CBでも問題なくプレイできる中盤戦士 “ビエルサの愛弟子”が見せるサッカーIQの高さ

リーズで印象的なパフォーマンスを見せるフィリップス photo/Getty Images

トッテナム戦ではケインも完封

昨今のイングランド代表ではサイドバックに若手有望株が多数出現しているものの、その一方では中盤にも優秀な選手が数多く登場している。マンチェスター・シティのフィル・フォーデンやチェルシーのメイソン・マウントなど、近年はビッグクラブに次世代を担う優秀なタレントが揃ってきた印象だ。

しかし、今のイングランド代表の中盤が充実している理由はそれだけでない。むしろ、ビッグクラブ以外でプレイする選手の質が高まっていることの方が、チームの強化に繋がっている部分はあるだろう。ウェストハムのデクラン・ライスやリーズ・ユナイテッドのカルバン・フィリップスあたりは、その最たる例と言える。

なかでも、今回注目したいのはフィリップスの方だ。イングランド代表の守備的中盤といえば、どうしても若いライスに視線が集まるものの、“鬼才”マルセロ・ビエルサ監督に鍛え上げられたフィリップスの献身性はイングランド代表の中盤に欠かせない。注目され始めた当初は足元の技術やパス精度の高さがピックアップされることも多かったが、彼はもともと最終ラインもこなしていた選手だけあって、その守備性能もピカイチだ。
そんなフィリップスが備える高い守備能力の一端は、現地時間21日に行われたトッテナム戦でも見て取れた。
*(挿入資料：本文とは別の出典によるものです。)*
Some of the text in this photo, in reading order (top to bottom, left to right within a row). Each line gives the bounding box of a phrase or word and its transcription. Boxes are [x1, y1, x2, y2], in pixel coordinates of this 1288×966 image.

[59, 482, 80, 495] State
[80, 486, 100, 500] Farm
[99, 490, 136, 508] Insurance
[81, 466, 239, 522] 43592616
この試合で久しぶりにCBとして先発出場を果たした同選手だが、彼は持ち前のハードなディフェンスで対峙したハリー・ケインを徹底マーク。相手エースにほとんど仕事をさせることなく、90分間を終えている。最終的にチームは1-2で敗れたものの、個人としてフィリップスのプレイぶりには目を見張るものがあったと言っていいだろう。

「試合には負けてしまったが、フィリップスのプレイについて言及しないわけにはいかない。彼は近年中盤の選手としてプレイしていたが、久しぶりのCBでも素晴らしいパフォーマンスを見せたね。前に出るべきか、それとも後ろにとどまるべきか。そういったタイミングの判断は完璧だった。本当に賢い選手なんだなと思ったね。試合中は『なんてプレイヤーなんだ!』と思わず叫んでしまったよ」(英『SkySports』より)

そして、このフィリップスの活躍にはかつてリヴァプールでプレイしたダニー・マーフィー氏もこのように賛辞を送っている。高い戦術理解度を武器に、自分がすべきことをきちんとピッチ上で実行するフィリップス。強豪・イングランド代表ではビッグクラブの選手に注目が集まりがちだが、中堅クラブにも素晴らしいパフォーマンスを見せる男がいることを忘れてはいけない。